EXERCISE MATERIAL:
※

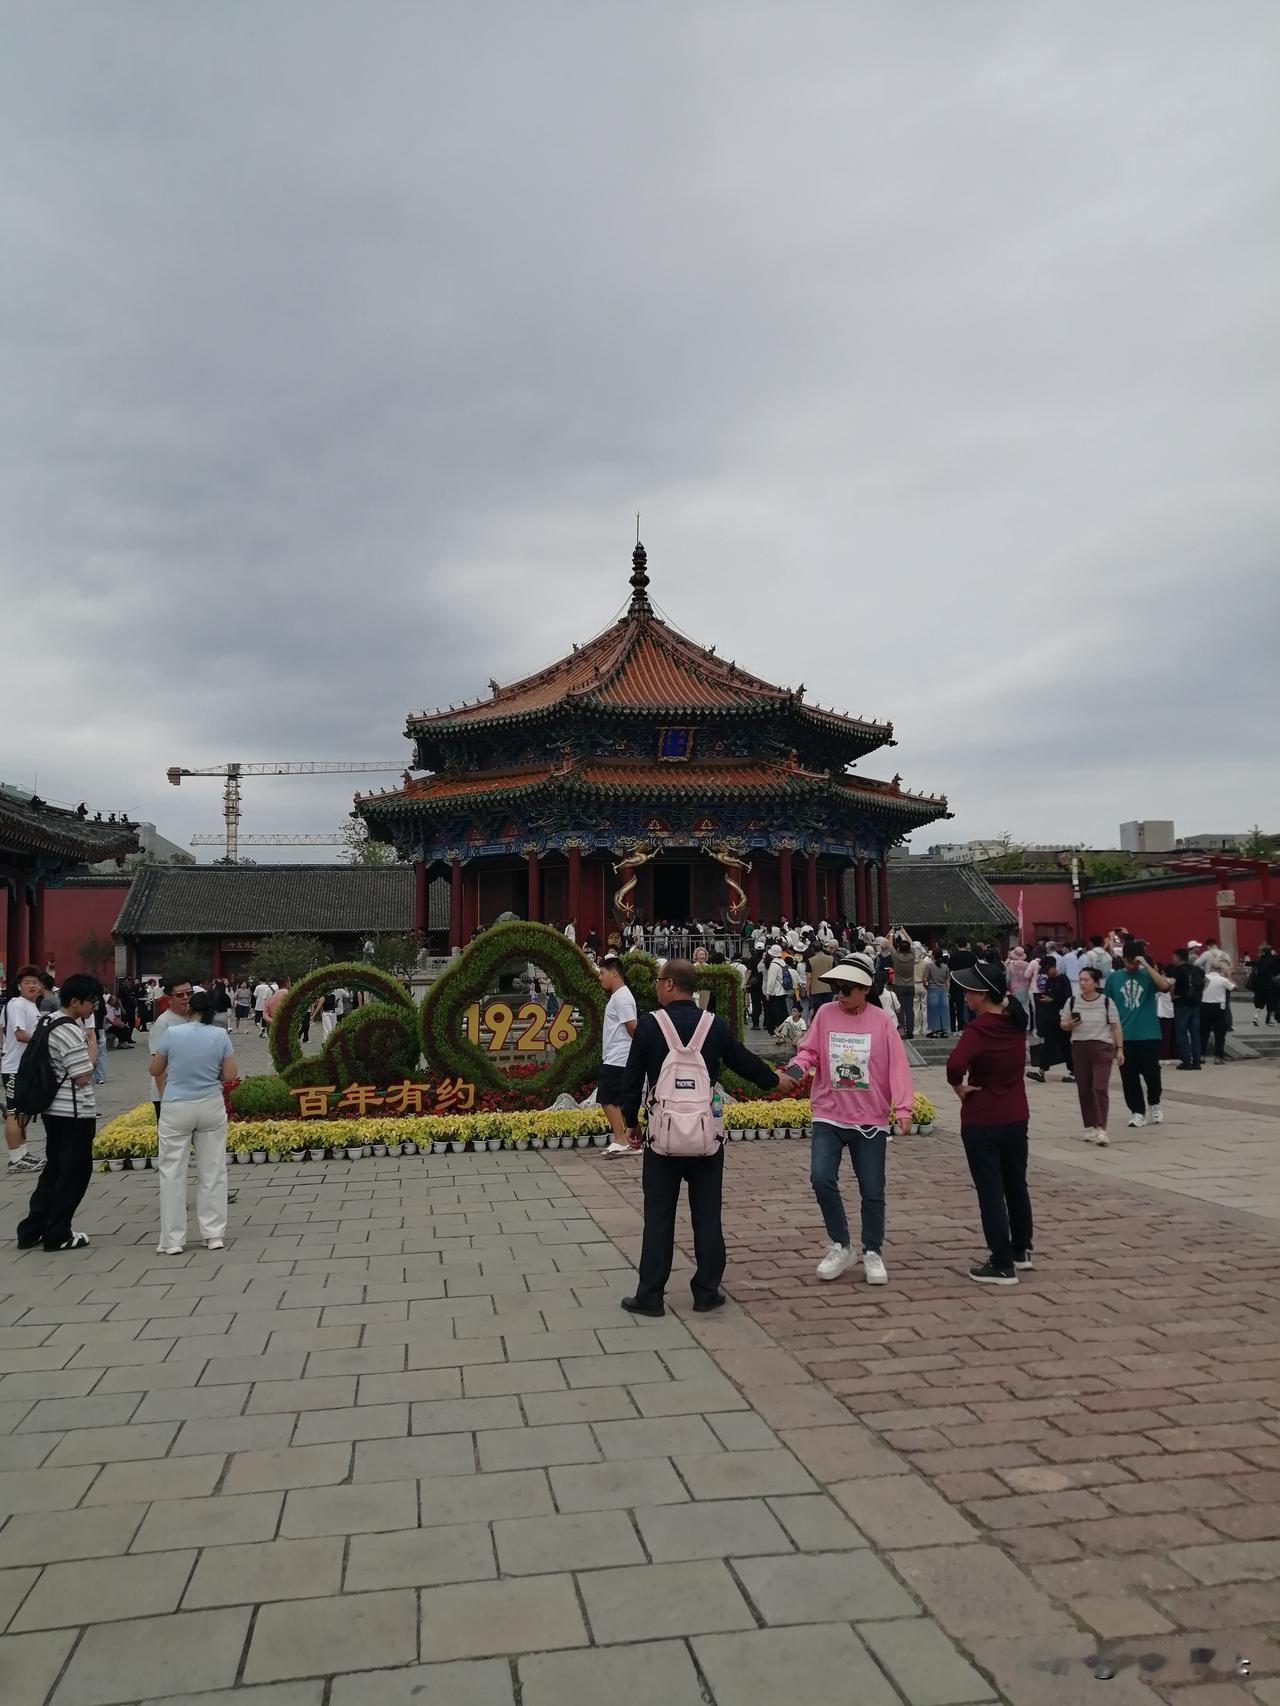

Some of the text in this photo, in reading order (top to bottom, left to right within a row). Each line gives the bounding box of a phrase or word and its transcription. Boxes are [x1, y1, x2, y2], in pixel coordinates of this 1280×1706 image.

[462, 1001, 578, 1051] 1926
[289, 1077, 476, 1117] 百年有约
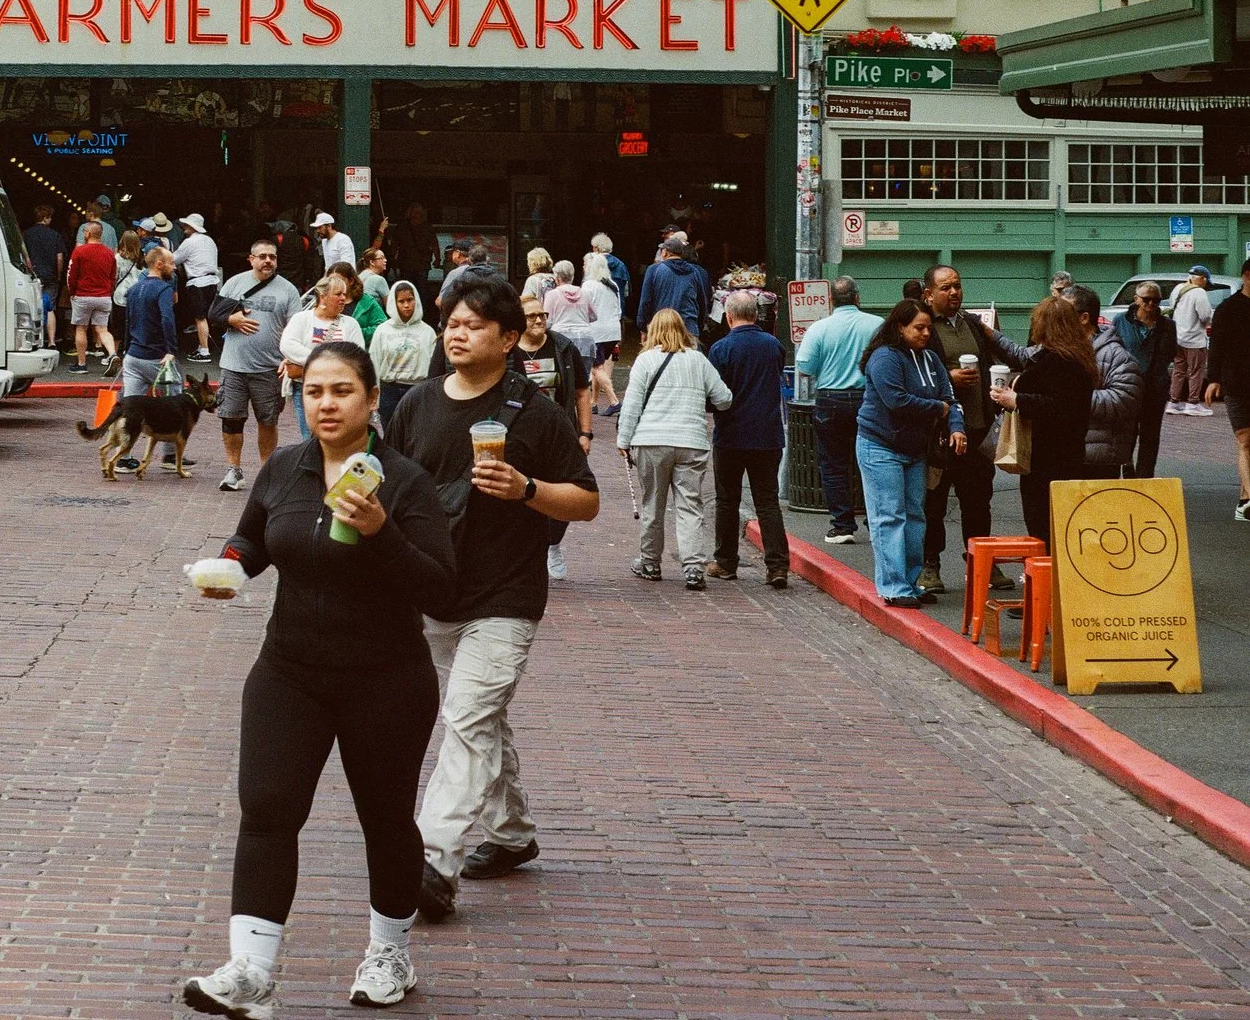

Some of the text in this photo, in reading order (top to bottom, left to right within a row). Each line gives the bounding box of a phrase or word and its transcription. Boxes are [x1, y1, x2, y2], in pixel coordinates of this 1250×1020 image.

[835, 59, 882, 83] Pike
[830, 106, 908, 117] Pike Place Market
[32, 133, 128, 147] VIWPOINT
[791, 284, 803, 293] NO
[795, 295, 826, 307] STOPS
[1071, 616, 1187, 628] 100% COLD PRESSED
[1086, 631, 1174, 641] ORGANIC JUICE
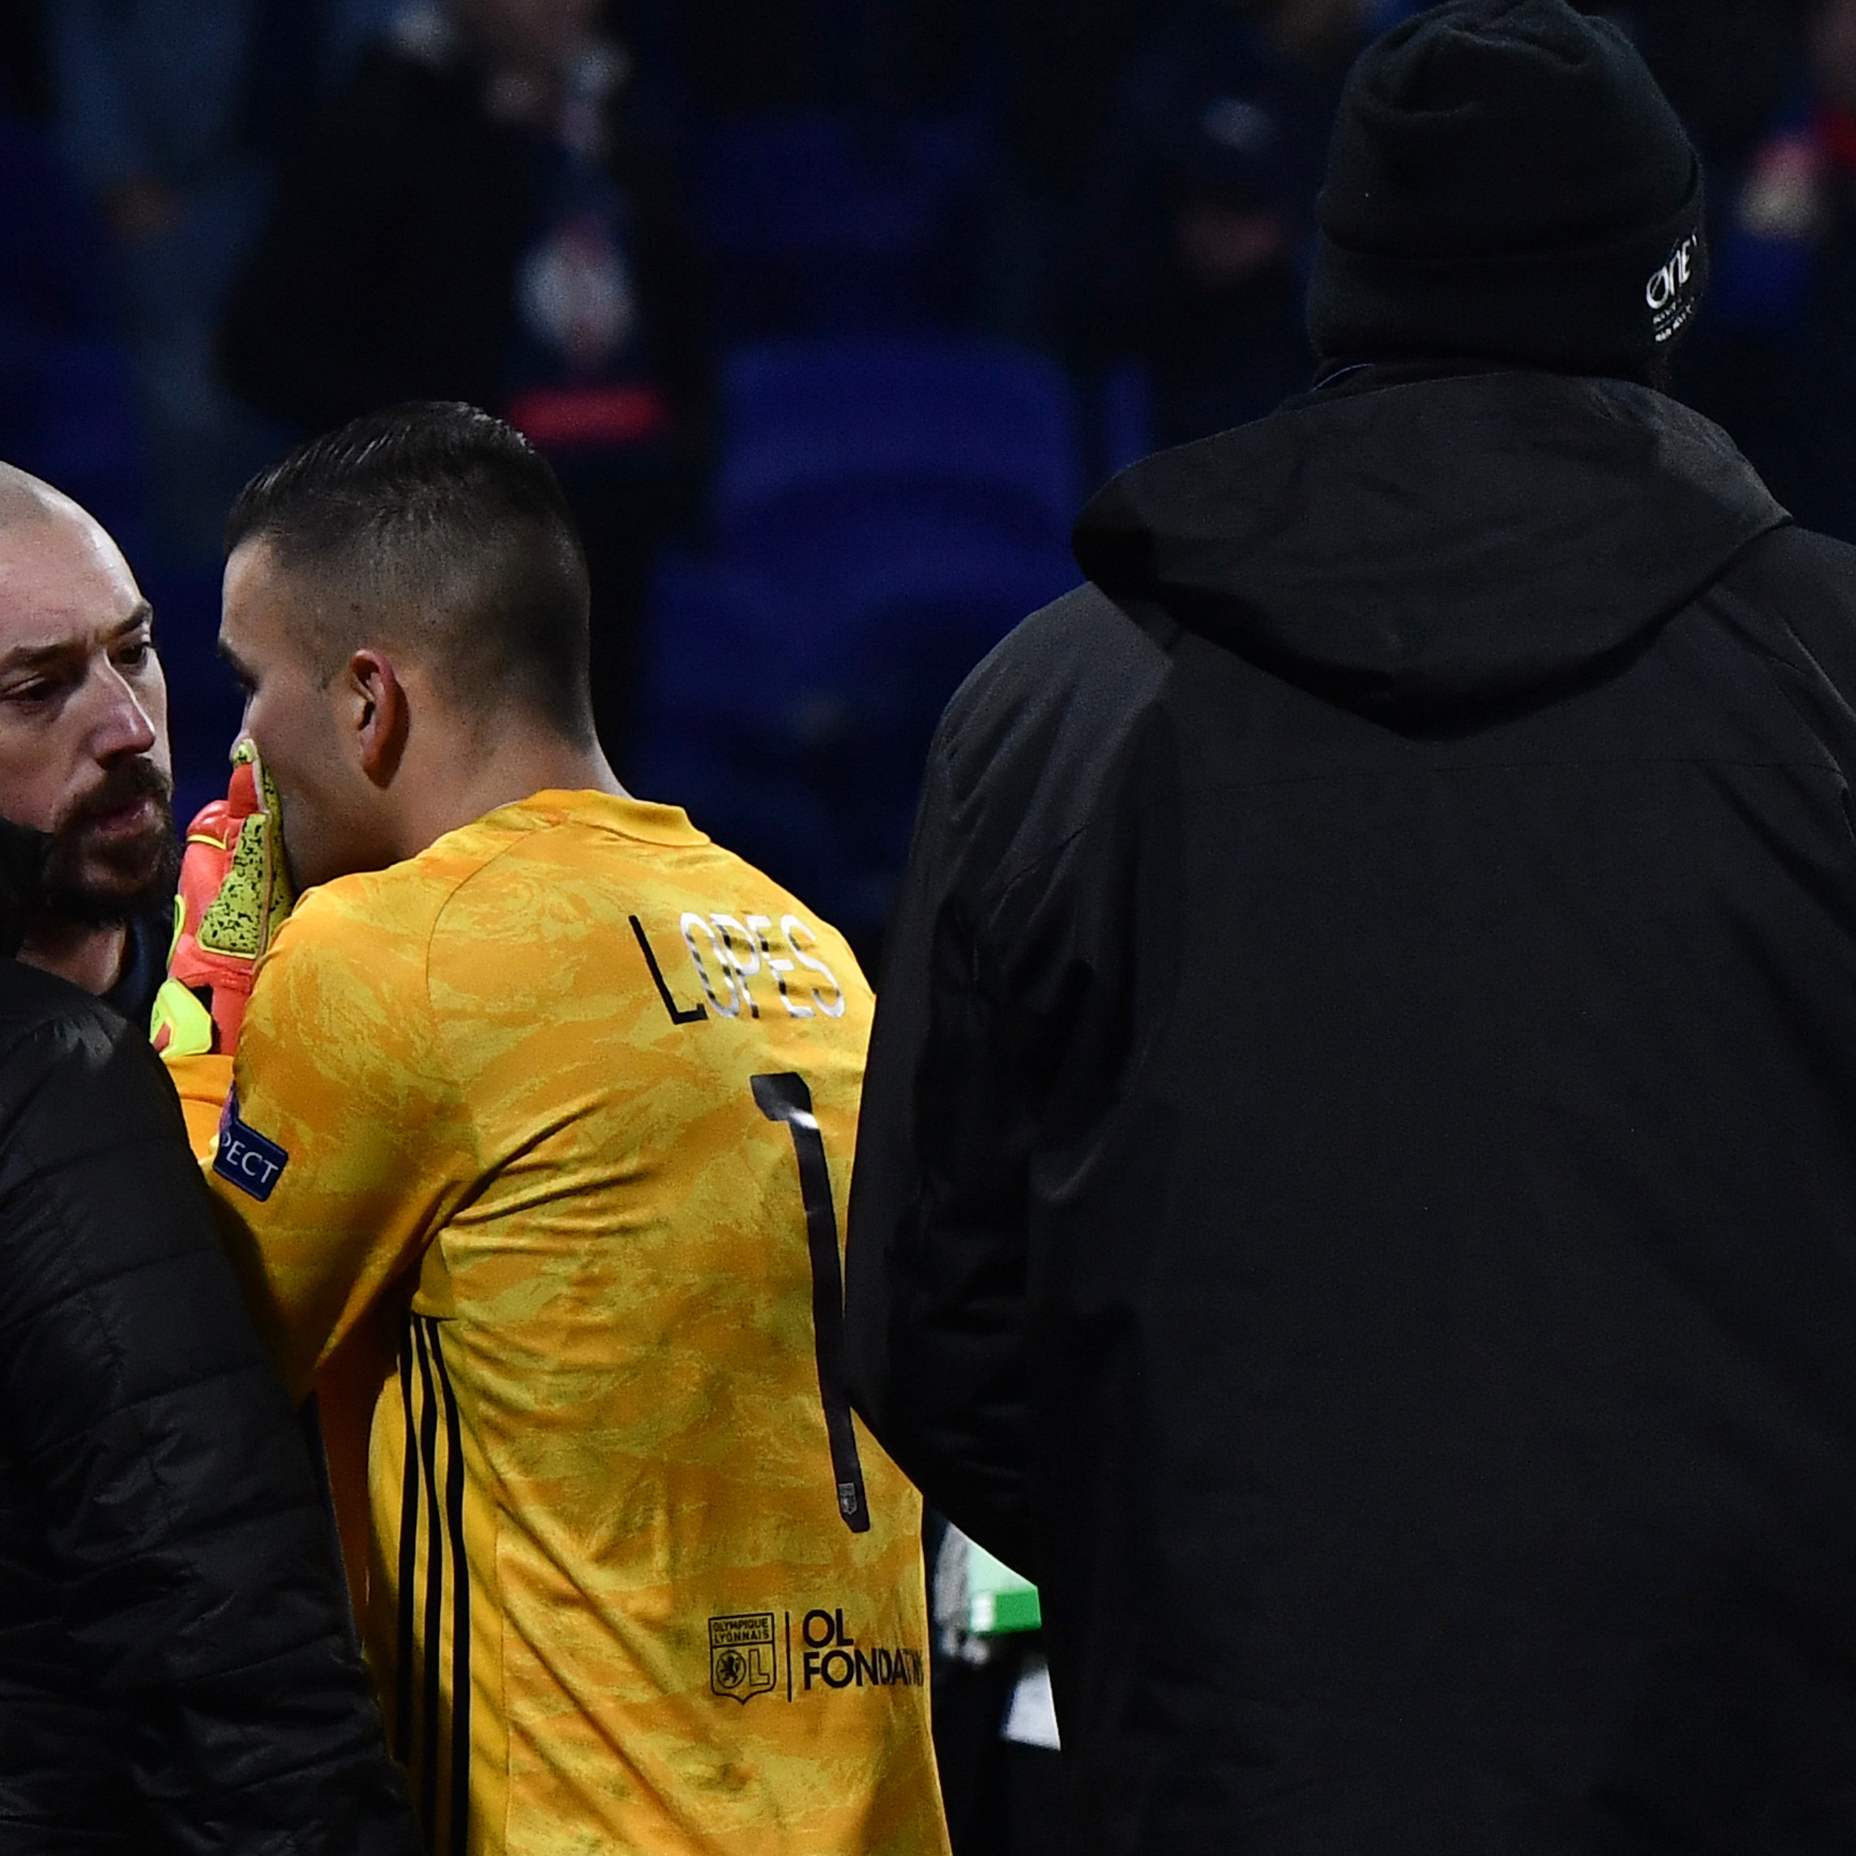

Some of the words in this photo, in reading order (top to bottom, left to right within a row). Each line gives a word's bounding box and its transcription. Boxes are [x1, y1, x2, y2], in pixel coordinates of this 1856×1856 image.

[628, 911, 846, 1025] LOPES
[749, 1071, 871, 1533] 1
[712, 1617, 769, 1635] OLYMPIQUE
[714, 1628, 770, 1644] LYONNAIS
[802, 1608, 854, 1648] OL
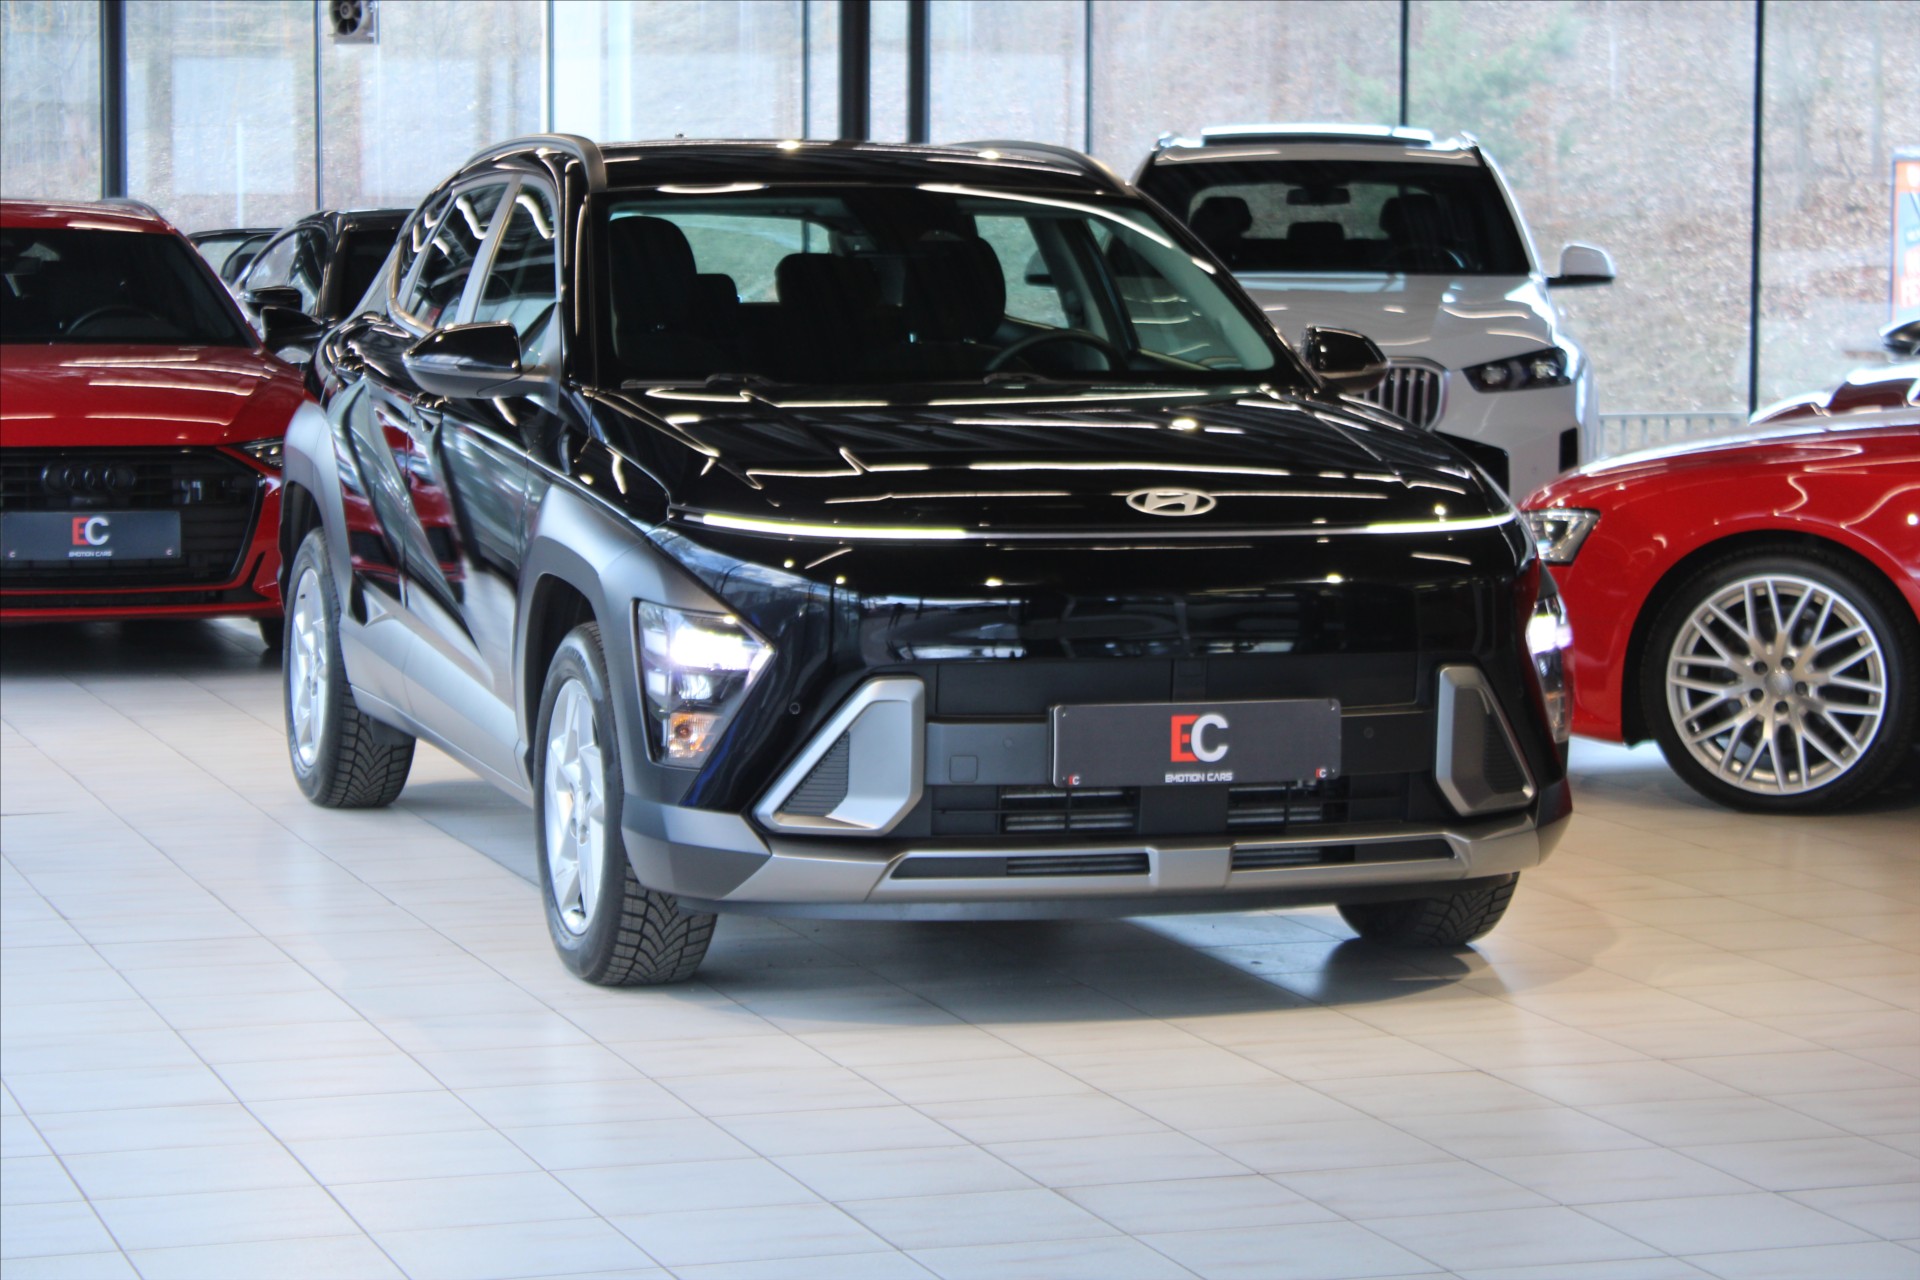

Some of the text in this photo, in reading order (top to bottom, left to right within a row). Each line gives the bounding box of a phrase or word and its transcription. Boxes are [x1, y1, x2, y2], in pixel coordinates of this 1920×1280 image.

[72, 516, 109, 546] EC
[1171, 713, 1228, 762] EC
[1165, 771, 1233, 783] EMOTION CARS

※

YOUR OBJECTIVE: Print the listing again exactly, please. Keep the pictures out of it.

SOLUTION:
Some of the text in this photo, in reading order (top to bottom, left to right within a row). Each line gives the bounding box of a phrase or word and its transcription. Boxes are [x1, y1, x2, y2], in pixel coordinates of this 1280×1706 image.

[462, 1001, 578, 1051] 1926
[289, 1077, 476, 1117] 百年有约

Some of the text in this photo, in reading order (top to bottom, left to right within a row). Each line gives the bounding box of a phrase or word and its transcription. Boxes are [x1, y1, x2, y2], in pixel coordinates of this 1250×1020 image.

[835, 59, 882, 83] Pike
[830, 106, 908, 117] Pike Place Market
[32, 133, 128, 147] VIWPOINT
[791, 284, 803, 293] NO
[795, 295, 826, 307] STOPS
[1071, 616, 1187, 628] 100% COLD PRESSED
[1086, 631, 1174, 641] ORGANIC JUICE

Some of the words in this photo, in reading order (top to bottom, left to right within a row). Each line gives a word's bounding box and its transcription. Boxes are [x1, y1, x2, y2], in pixel coordinates of this 1856×1856 image.

[628, 911, 846, 1025] LOPES
[749, 1071, 871, 1533] 1
[712, 1617, 769, 1635] OLYMPIQUE
[714, 1628, 770, 1644] LYONNAIS
[802, 1608, 854, 1648] OL

Some of the text in this photo, in reading order (top to bottom, left to right within a row). Each line gives the bounding box of a phrase or word and its transcription. Boxes are [x1, y1, x2, y2], in pixel coordinates of this 1920×1280 image.

[72, 516, 109, 546] EC
[1171, 713, 1228, 762] EC
[1165, 771, 1233, 783] EMOTION CARS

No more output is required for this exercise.